Damit soll möglichst allen Menschen in Linz effektvoll geholfen werden, die von der Corona-Krise betroffen sind. Initiator dieses Fonds war Vizebürgermeister Markus Hein (FPÖ).

Soforthilfe für Menschen in Not

Die COVID19-Einschränkungen der Bundesregierung bringen viele Menschen in eine prekäre Situation. Als Industriestandort und drittgrößte Stadt Österreichs sind in Linz besonders viele Arbeitnehmer und Kleinunternehmer von den wirtschaftlichen Auswirkungen dieser Schutzmaßnahmen betroffen. Von einem auf den anderen Tag verlieren sie oft ihre einzige Einnahmequelle. Einige wissen nicht, wie es weitergehen soll. Die Stadt Linz hat deshalb am 2. April beschlossen, direkt mit einem Linzer Solidaritätsfonds in Höhe von einer Million Euro zu helfen.

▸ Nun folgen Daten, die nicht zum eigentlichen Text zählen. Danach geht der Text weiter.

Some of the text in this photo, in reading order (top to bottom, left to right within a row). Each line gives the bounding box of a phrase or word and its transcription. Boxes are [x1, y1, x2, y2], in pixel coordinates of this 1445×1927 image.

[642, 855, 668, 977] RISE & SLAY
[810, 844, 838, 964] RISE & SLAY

Dieser wurde neu eingerichtet und ist speziell für die Bewältigung der Auswirkungen der Corona-Krise in allen Lebensbereichen. Er ist für Linzer Bürger, die in materielle bis existenzielle Notlagen geraten sind und dabei keinen Anspruch auf Unterstützung aus den Fördertöpfen haben, die auf Bundes- oder Landesebene eingerichtet wurden. Ein Hauptwohnsitz in Linz mit Stichtag 16. März 2020 ist dafür die Grundvoraussetzung. Weitere Förderbedingungen werden festgelegt, wenn entsprechende Richtlinien auf Bundes- und Landesebene feststehen.

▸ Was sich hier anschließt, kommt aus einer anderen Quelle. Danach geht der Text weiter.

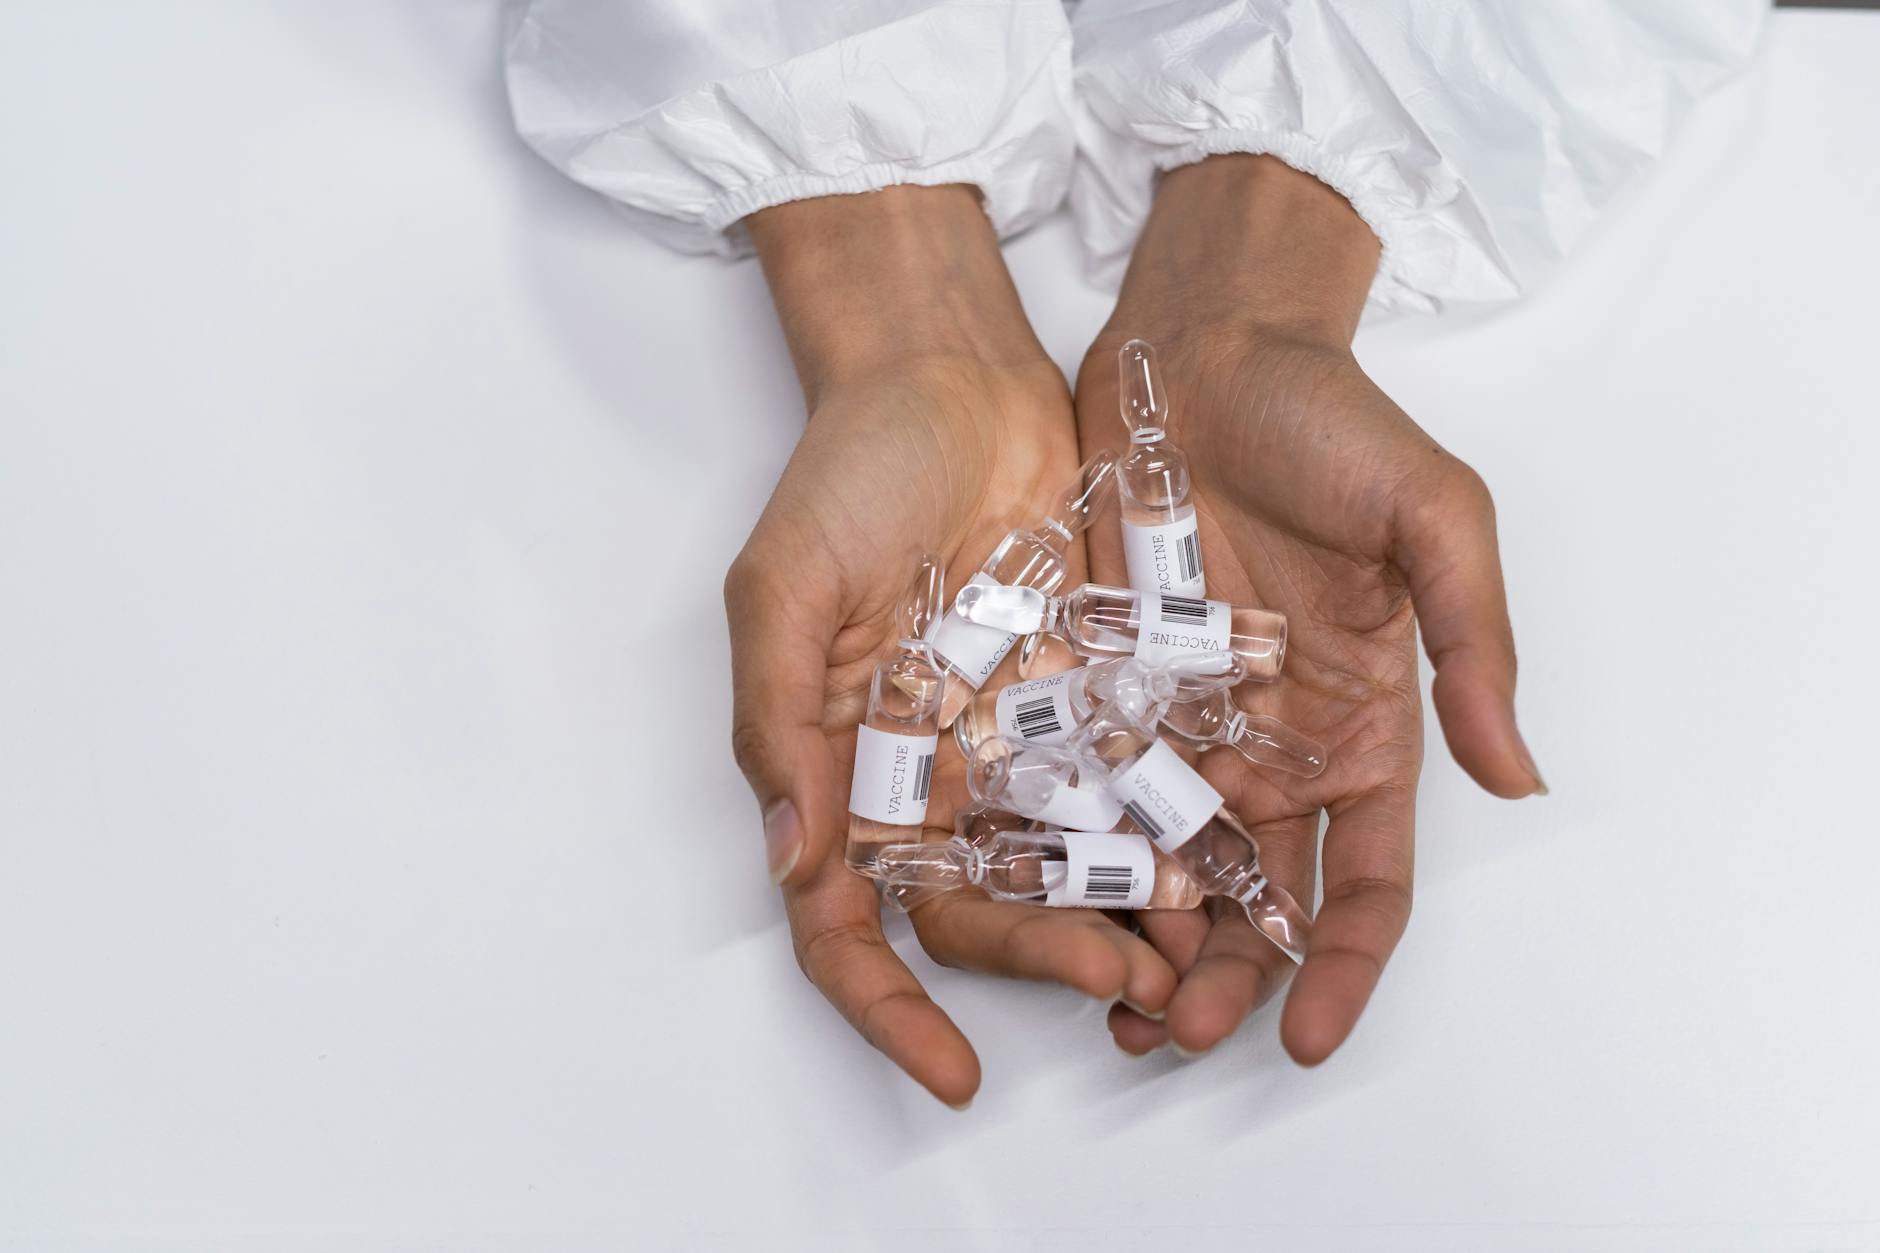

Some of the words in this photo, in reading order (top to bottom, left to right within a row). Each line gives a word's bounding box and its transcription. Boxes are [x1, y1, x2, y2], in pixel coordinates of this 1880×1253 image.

[1152, 534, 1172, 595] ACCINE
[980, 632, 1017, 675] VACCI
[1150, 632, 1219, 651] VACCINE
[1007, 676, 1064, 697] VACCINE
[1009, 719, 1019, 731] 756
[888, 745, 909, 815] VACCINE
[1134, 773, 1188, 832] VACCINE

„Um soziale Notlagen in unserer Landeshauptstadt zu verhindern, werden die intransparenten Entschädigungszahlungen des Bundes nicht ausreichen. Ich habe mich deshalb von Anfang an dafür eingesetzt, dass auch die Stadt Linz ein städtisches Solidaritätspaket schnürt. Jenen, die dringend Unterstützung brauchen, muss geholfen werden. Jetzt ist schnelle, unbürokratische Hilfe gefragt – und das auch bar auf die Hand.“, erklärt der freiheitliche Vizebürgermeister Markus Hein.